Ser brotinho é comparar o amigo do pai a um pincel de barba, e a gente vai ver está certo: o amigo do pai parece um pincel de barba. É sentir uma vontade doida de tomar banho de mar de noite e sem roupa, completamente. É ficar eufórica à vista de uma cascata. Falar inglês sem saber verbos irregulares. É ter comprado na feira um vestidinho gozado e bacanérrimo.

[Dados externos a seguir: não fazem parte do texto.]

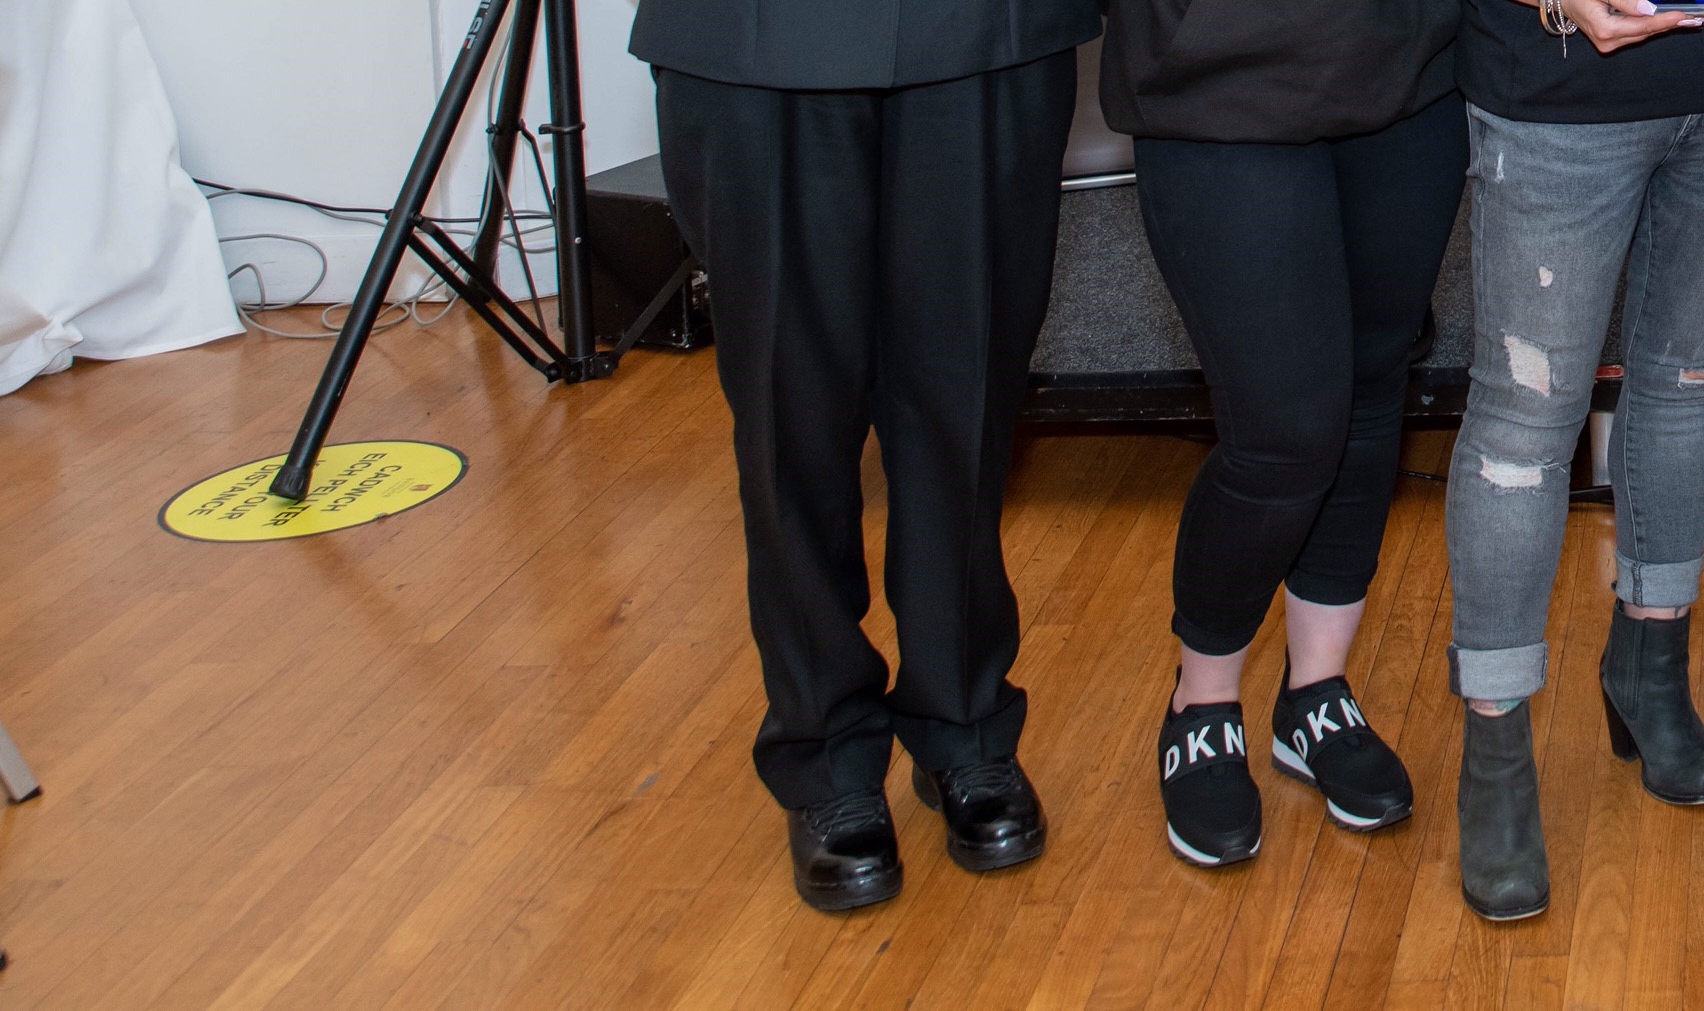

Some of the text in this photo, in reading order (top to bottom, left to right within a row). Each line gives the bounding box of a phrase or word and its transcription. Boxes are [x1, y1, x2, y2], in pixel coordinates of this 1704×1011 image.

[338, 452, 388, 477] EICH
[187, 464, 284, 517] DISTANCE
[320, 465, 403, 512] CADWCH

É ainda ser brotinho chegar em casa ensopada de chuva, úmida camélia, e dizer para a mãe que veio andando devagar para molhar-se mais. É ter saído um dia com uma rosa vermelha na mão, e todo mundo pensou com piedade que ela era uma louca varrida. É ir sempre ao cinema mas com um jeito de quem não espera mais nada desta vida. É ter uma vez bebido dois gins, quatro uísques, cinco taças de champanha e uma de cinzano sem sentir nada, mas ter outra vez bebido só um cálice de vinho do Porto e ter dado um vexame modelo grande. É o dom de falar sobre futebol e política como se o presente fosse passado, e vice-versa.

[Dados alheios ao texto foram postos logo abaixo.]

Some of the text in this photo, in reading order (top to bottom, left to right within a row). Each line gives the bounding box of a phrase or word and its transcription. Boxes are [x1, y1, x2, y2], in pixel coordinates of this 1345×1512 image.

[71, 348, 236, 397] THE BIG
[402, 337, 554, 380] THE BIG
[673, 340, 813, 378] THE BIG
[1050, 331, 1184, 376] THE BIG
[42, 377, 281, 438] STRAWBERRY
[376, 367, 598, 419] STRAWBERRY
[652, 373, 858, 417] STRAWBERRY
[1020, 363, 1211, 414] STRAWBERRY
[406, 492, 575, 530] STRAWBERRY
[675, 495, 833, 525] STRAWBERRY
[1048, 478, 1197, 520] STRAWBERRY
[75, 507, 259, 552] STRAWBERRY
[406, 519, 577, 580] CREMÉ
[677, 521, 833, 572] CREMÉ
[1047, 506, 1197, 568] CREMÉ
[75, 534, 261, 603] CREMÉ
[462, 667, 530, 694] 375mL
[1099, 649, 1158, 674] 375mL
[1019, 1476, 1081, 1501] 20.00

Ser brotinho é atravessar de ponta a ponta o salão da festa com uma indiferença mortal pelas mulheres presentes e ausentes. Ter estudado ballet e desistido, apesar de tantos telefonemas de Madame Saint-Quentin. Ter trazido para casa um gatinho magro que miava de fome e ter aberto uma lata de salmão para o coitado. Mas o bichinho comeu o salmão e morreu. É ficar pasmada no escuro da varanda sem contar para ninguém a miserável traição. Amanhecer chorando, anoitecer dançando. É manter o ritmo na melodia dissonante. Usar o mais caro perfume de blusa grossa e blue-jeans. Ter horror de gente morta, ladrão dentro de casa, fantasmas e baratas. Ter compaixão de um só mendigo entre todos os outros mendigos da Terra. Permanecer apaixonada a eternidade de um mês por um violinista estrangeiro de quinta ordem. Eventualmente, ser brotinho é como se não fosse, sentindo-se quase a cair do galho, de tão amadurecida em todo o seu ser. É fazer marcação cerrada sobre a presunção incomensurável dos homens. Tomar uma pose, ora de soneto moderno, ora de minueto, sem que se dissipe a unidade essencial. É policiar parentes, amigos, mestres e mestras com um ar songamonga de quem nada vê, nada ouve, nada fala.Ser brotinho é adorar. Adorar o impossível. Ser brotinho é detestar. Detestar o possível. É acordar ao meio-dia com uma cara horrível, comer somente e lentamente uma fruta meio verde, e ficar de pijama telefonando até a hora do jantar, e não jantar, e ir devorar um sanduíche americano na esquina, tão estranha é a vida sobre a Terra.